What Is Additive Fabrication (AF)

Additive fabrication (AF) covers a series of technologies. These technologies use the method of building parts layer by layer to gradually construct solid parts from virtual three-dimensional models. The traditional material reduction fabrication process is to remove all unnecessary materials from a piece of material (by manual engraving, or using equipment such as milling machine, lathe or CNC machine tool) until the required parts are obtained.

The Process Of Additive Fabrication

There are different methods to perform Additive fabrication processes. An increasingly popular method is 3D printing. Compared with the material reduction fabrication process, the material addition fabrication starts from scratch, and the parts are constructed by “printing” a new layer on the top of the previous layer until the parts are completed. The thickness of each layer varies from a few microns to about 0.25mm according to the specific additive fabrication technology used. At present, many materials can be applied to different additive fabrication processes.

The Advantage Additive Fabrication Process

The main advantage of additive manufacturing is that it can create geometrically complex shapes without wasting excess materials. Another advantage of this process is that it does not require many tools and is a very cost-effective manufacturing process. The additive fabrication process has different embodiments, and the increasingly popular method is 3D printing. This type of fabrication is energy-saving and environmentally friendly. The materials used, especially 3D printing, eventually create lightweight designs for some end products. With the use of additive fabrication, physical tools are reduced and attention is increased. The spatial design program allows engineers to have greater freedom in thinking to design and create some products without being limited by traditional machining. This technology can also reduce the individual parts of the whole product.
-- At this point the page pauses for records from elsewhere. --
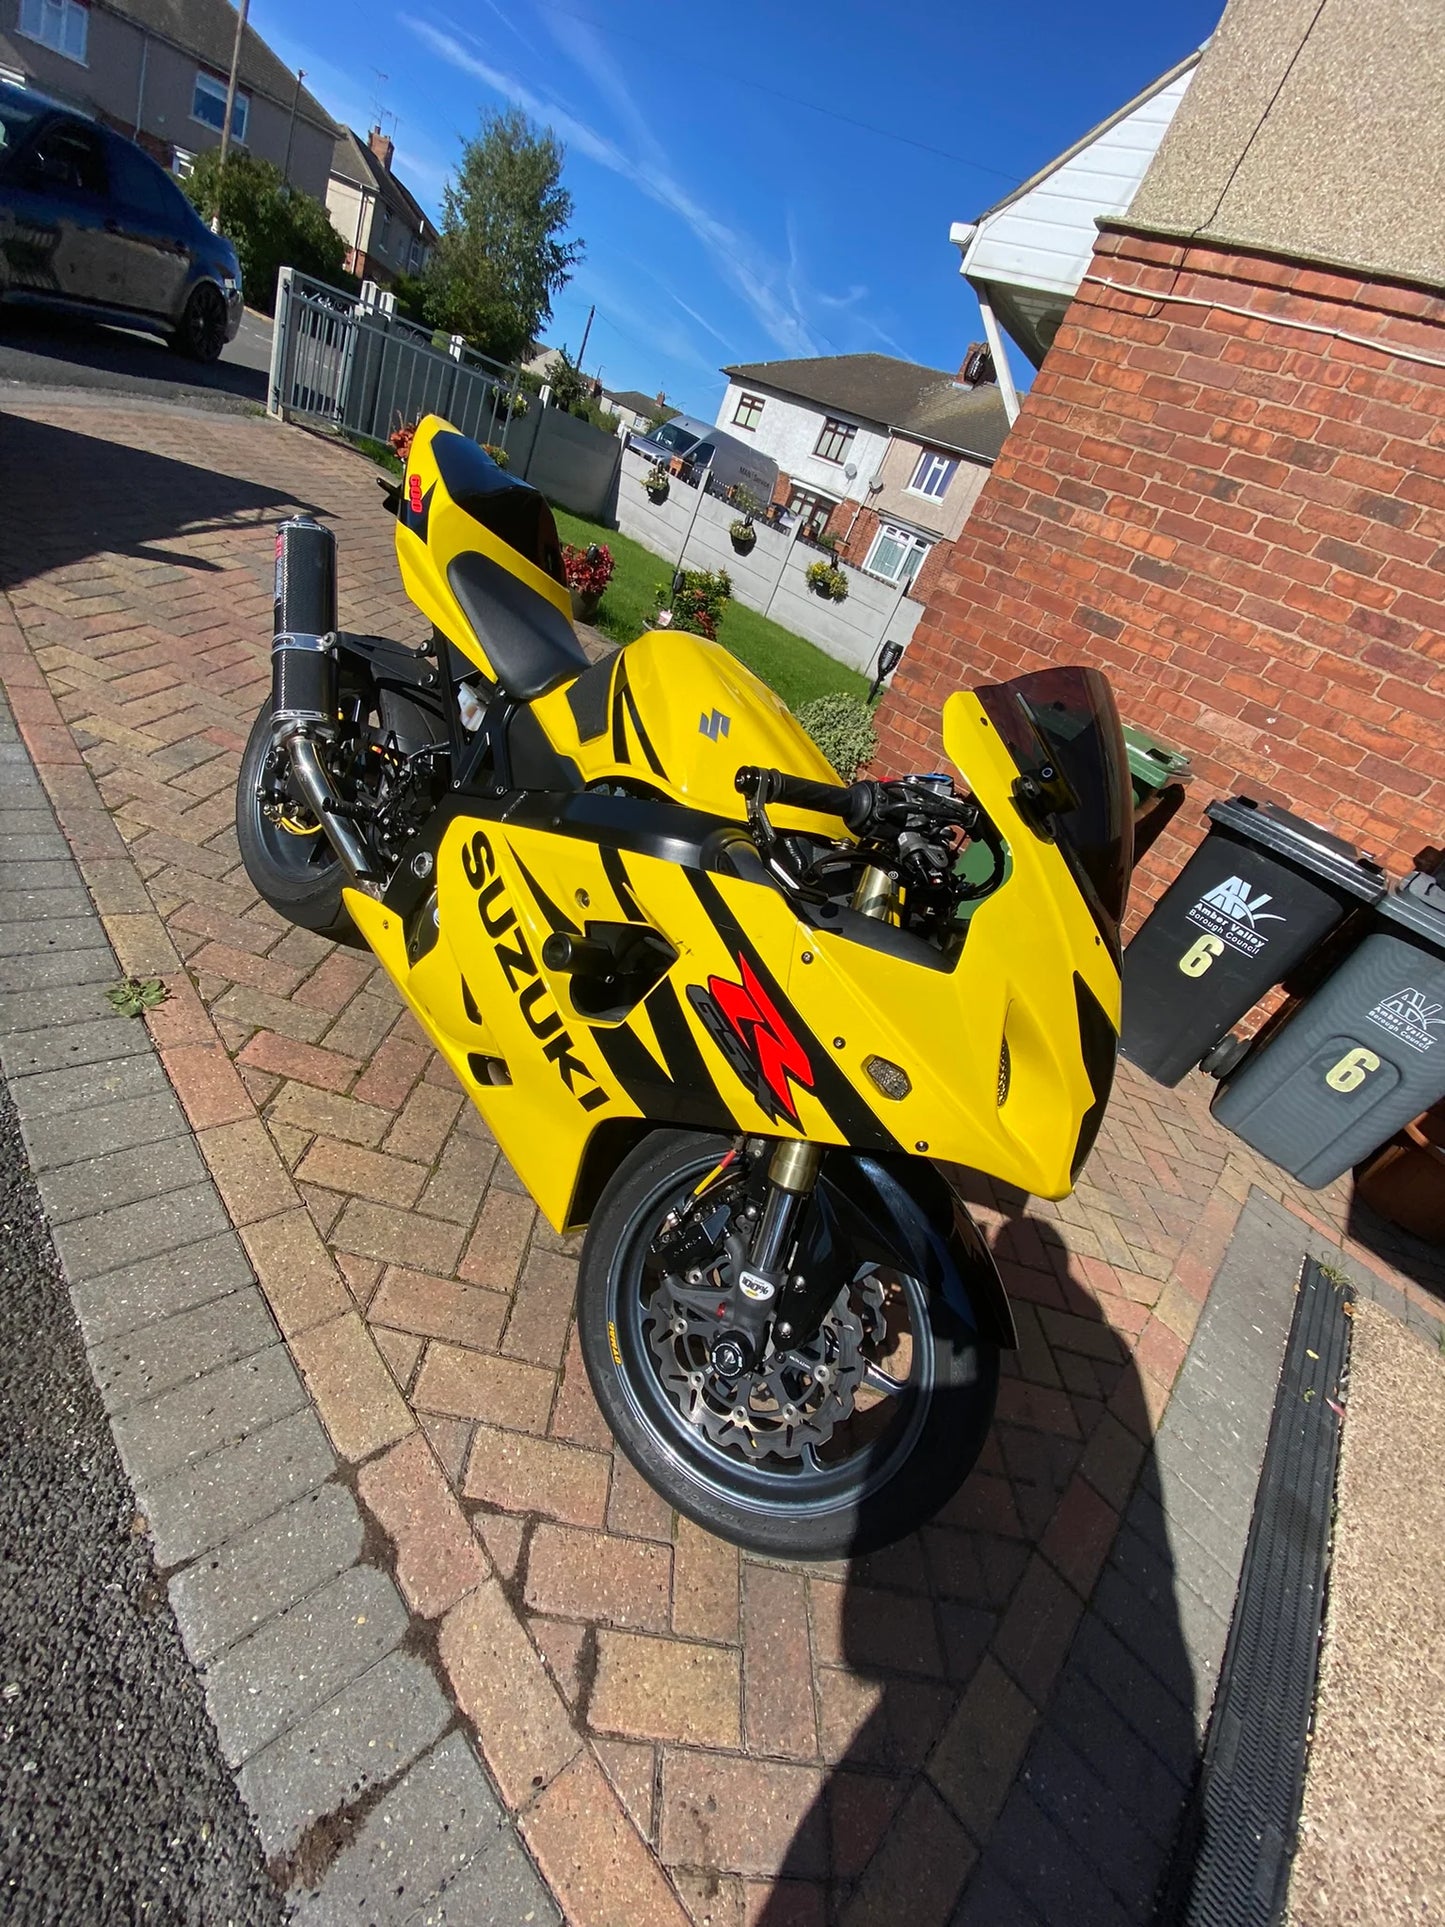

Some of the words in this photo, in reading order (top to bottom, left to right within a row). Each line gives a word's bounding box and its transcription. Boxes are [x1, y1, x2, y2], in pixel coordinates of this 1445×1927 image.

[409, 474, 423, 513] 600
[1188, 908, 1224, 934] Borough
[1225, 931, 1260, 955] Council
[1194, 902, 1229, 926] Amber
[1230, 923, 1266, 948] Valley
[461, 830, 611, 1113] SUZUKI
[1179, 934, 1225, 978] 6
[1368, 1010, 1399, 1032] Borough
[1400, 1030, 1430, 1051] Council
[1373, 1005, 1404, 1026] Amber
[1405, 1025, 1435, 1046] Valley
[1326, 1047, 1380, 1093] 6
[608, 1320, 622, 1365] DYMAG
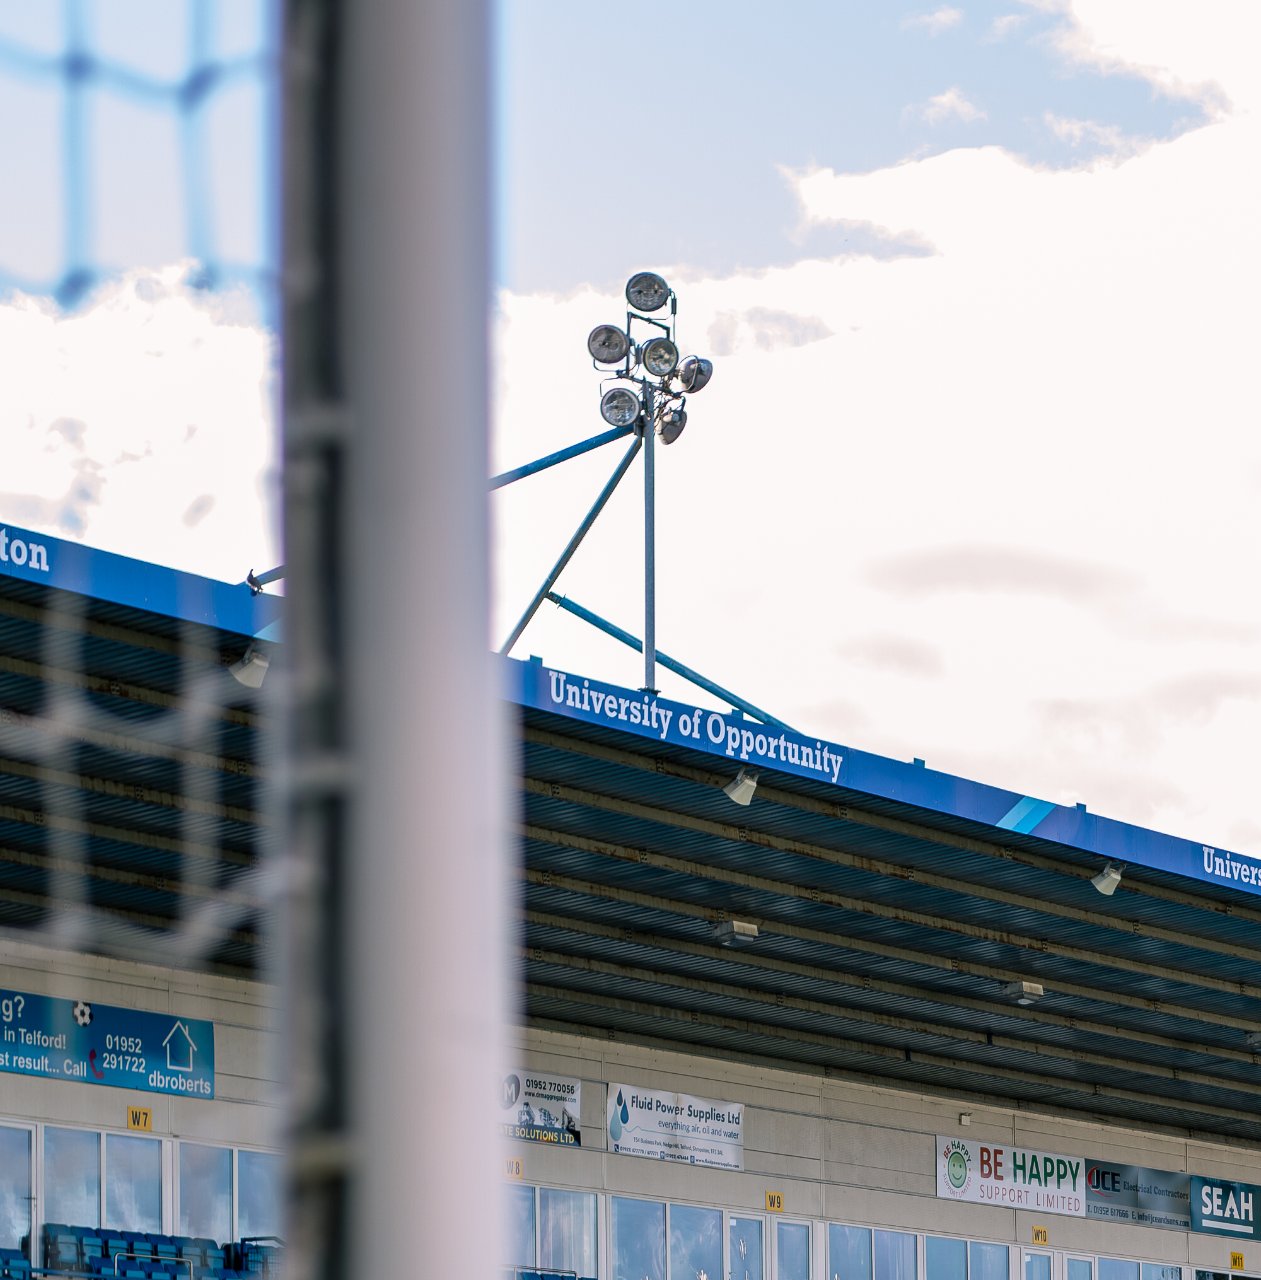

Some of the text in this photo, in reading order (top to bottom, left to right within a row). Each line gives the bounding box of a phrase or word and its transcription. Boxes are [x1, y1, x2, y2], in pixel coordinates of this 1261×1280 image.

[549, 671, 843, 783] University of Opportunity
[4, 1026, 67, 1050] in Telford!
[106, 1034, 142, 1054] 01952
[13, 1057, 60, 1074] result...
[63, 1058, 87, 1078] Call
[102, 1053, 146, 1074] 291722
[148, 1070, 212, 1095] dbroberts
[525, 1079, 575, 1095] 01952 770056
[631, 1095, 741, 1125] Fluid Power Supplies Ltd
[515, 1127, 559, 1142] SOLUTIONS
[560, 1134, 575, 1144] LTD
[658, 1120, 690, 1134] everything
[711, 1126, 722, 1137] and
[722, 1129, 739, 1140] water
[951, 1140, 972, 1163] HAPPY
[979, 1146, 1081, 1192] BE HAPPY
[1092, 1169, 1121, 1192] JCE
[979, 1184, 1081, 1212] SUPPORT LIMITED
[1124, 1181, 1189, 1200] Electrical Contractors
[1201, 1185, 1254, 1221] SEAH
[1034, 1228, 1047, 1243] W10
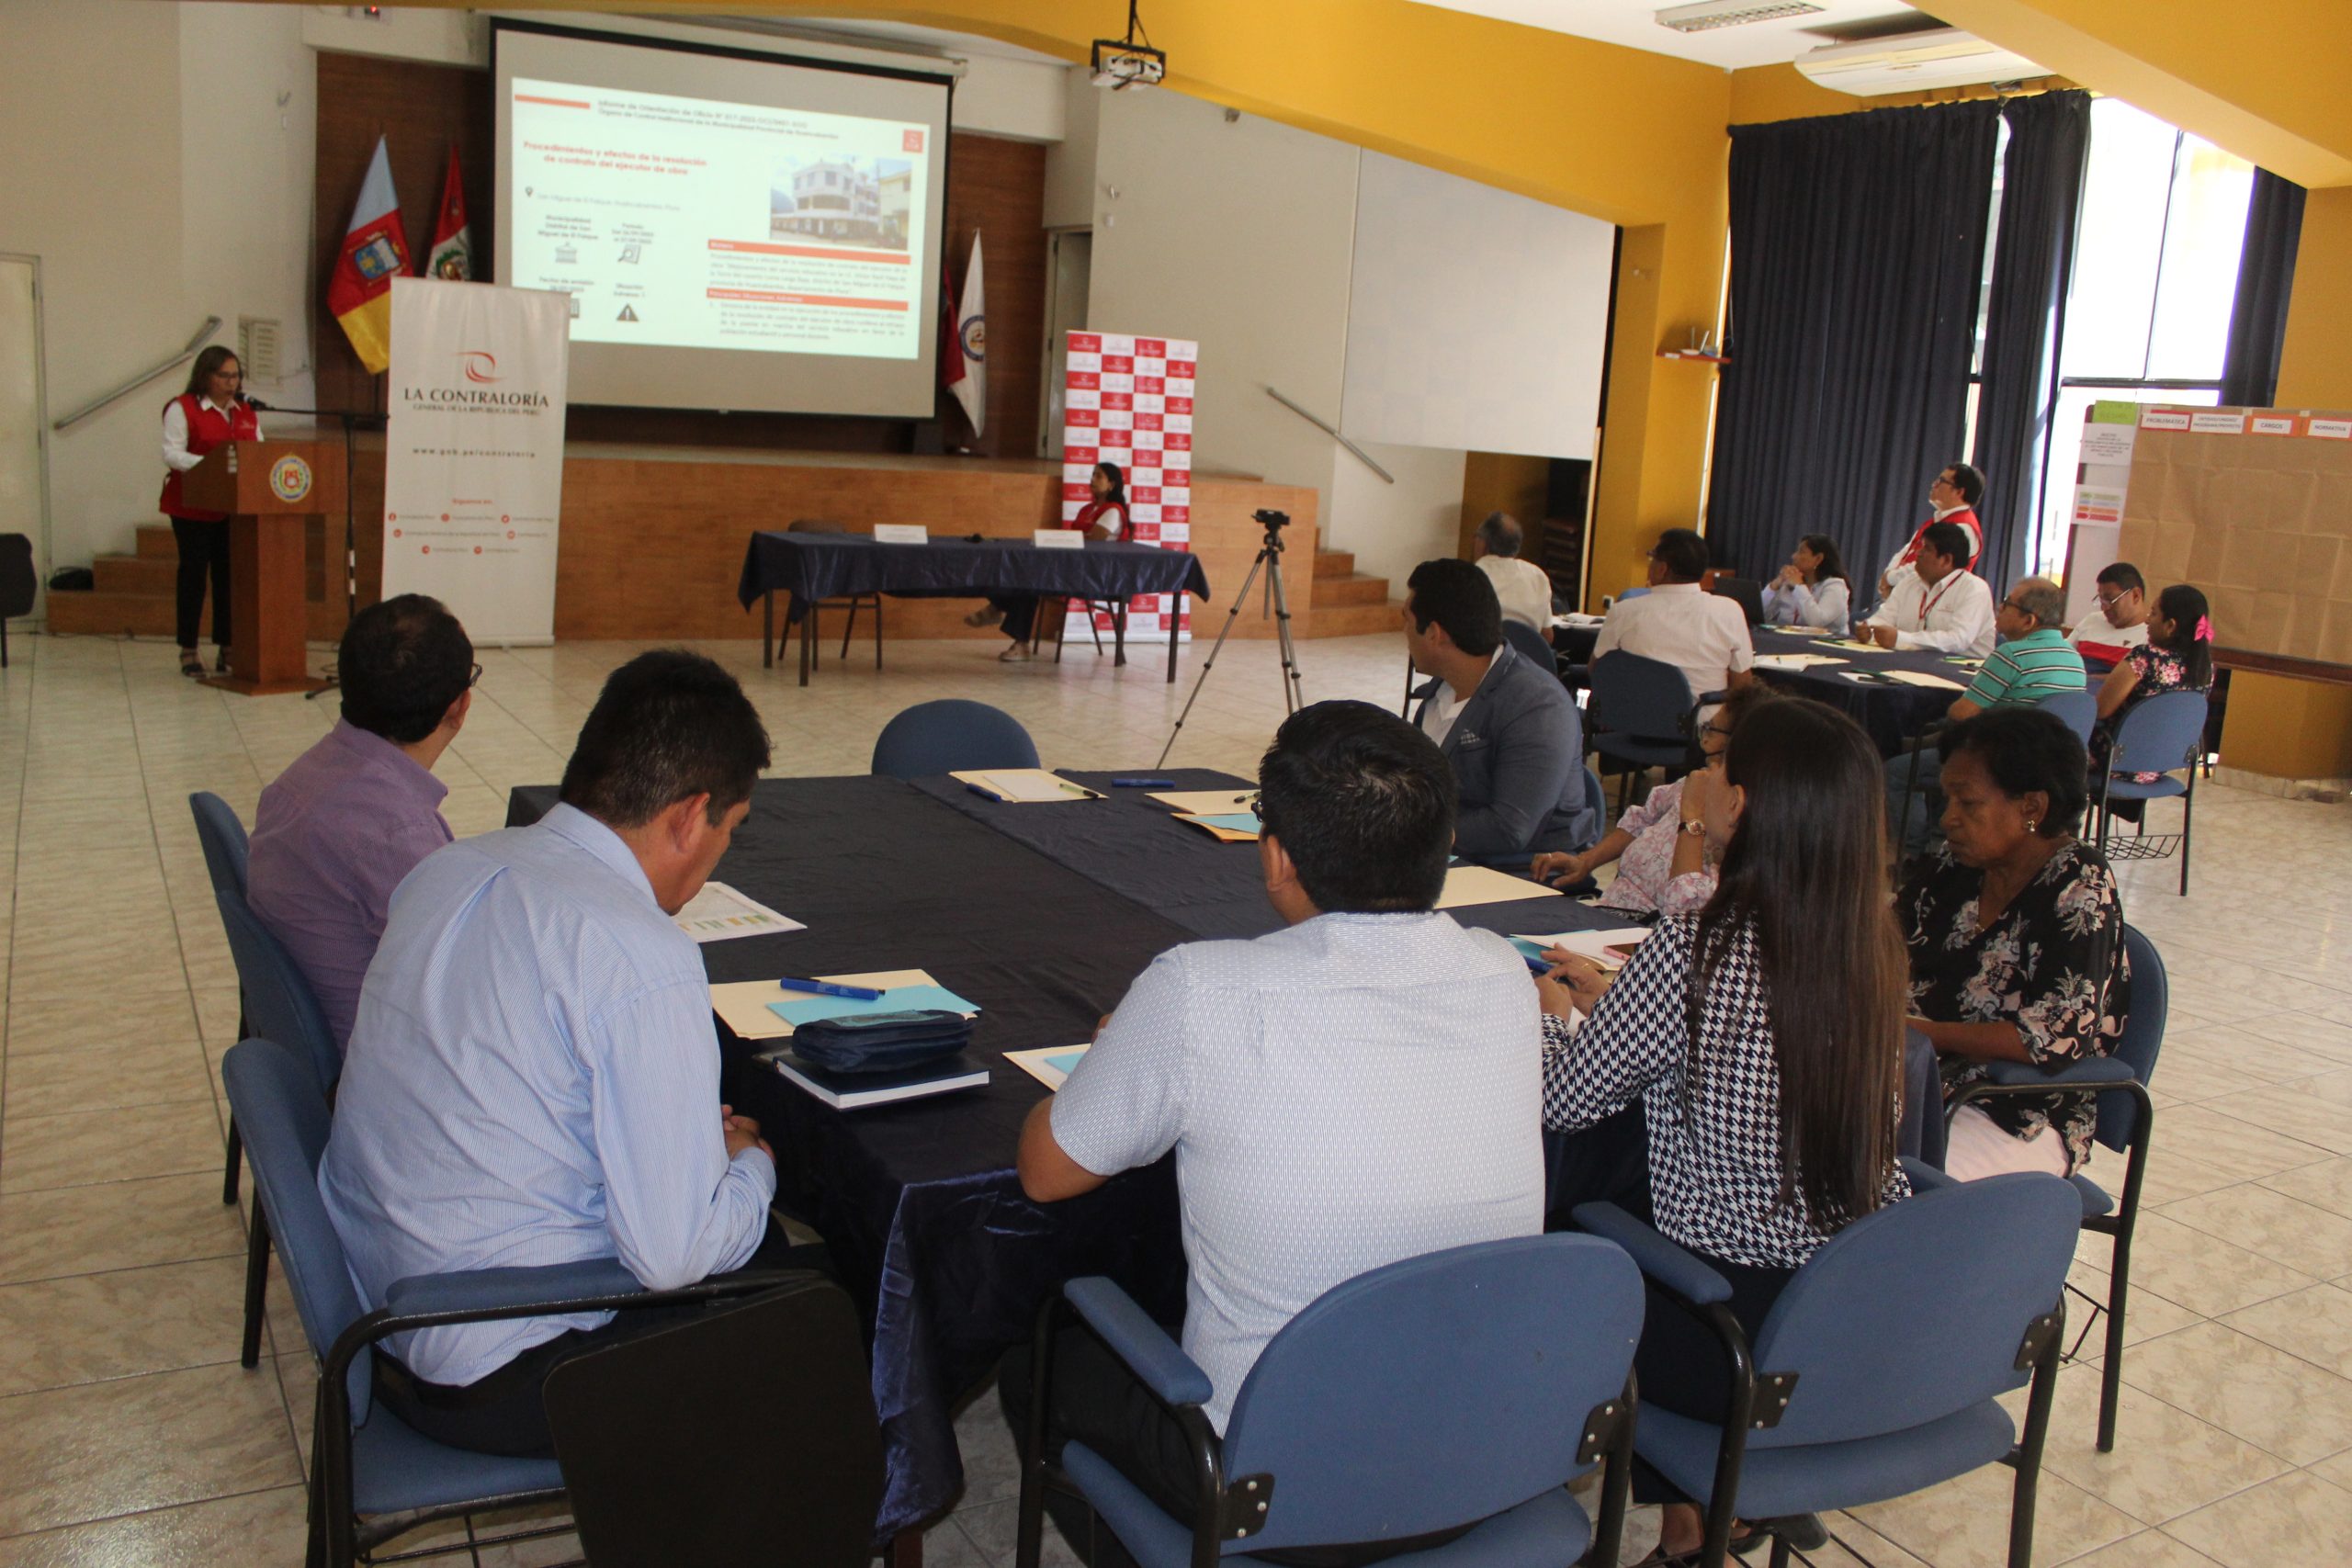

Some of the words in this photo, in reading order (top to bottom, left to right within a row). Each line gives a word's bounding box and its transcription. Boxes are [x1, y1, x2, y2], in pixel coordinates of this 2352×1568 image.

The History Of Additive Fabrication

The historical basis of additive fabrication (AF) can be traced back to almost 150 years ago when people used two-dimensional layer superposition to form a three-dimensional topographic map. The research work in the 1960s and 1970s verified the first batch of modern am processes, including photopolymerization technology in the late 1960s, powder melting process in 1972, and sheet lamination technology in 1979. By the 1980s and early 1990s, the number of am-related patents and academic publications had increased significantly, and many innovative am technologies appeared, such as 3D printing technology (3DP) of MIT in 1989 and the laser beam melting process in the 1990s. During the same period, some am technologies were successfully commercialized, including light curing (SL), solid melt deposition (FDM), and laser sintering (SLS). The 1990s and 2000s were the growth period of being. In the late 2000s, metal is technology stood out among many am technologies and became the focus of market attention.

Additive Fabrication Process Chain

All additive fabrication starts from creating a virtual 3D CAD model, which can be completed by almost any 3D computer-aided design (CAD) software. However, the CAD model used for additive fabrication must be in the form of a completely closed “watertight” volume (for example, a cube model must contain all six faces and there is no gap at the joint). If one of the faces of the model is missing or has gaps, it is indicated as an infinitely thin surface, which cannot be printed (however, the model can be automatically repaired with some am software according to the severity of the error).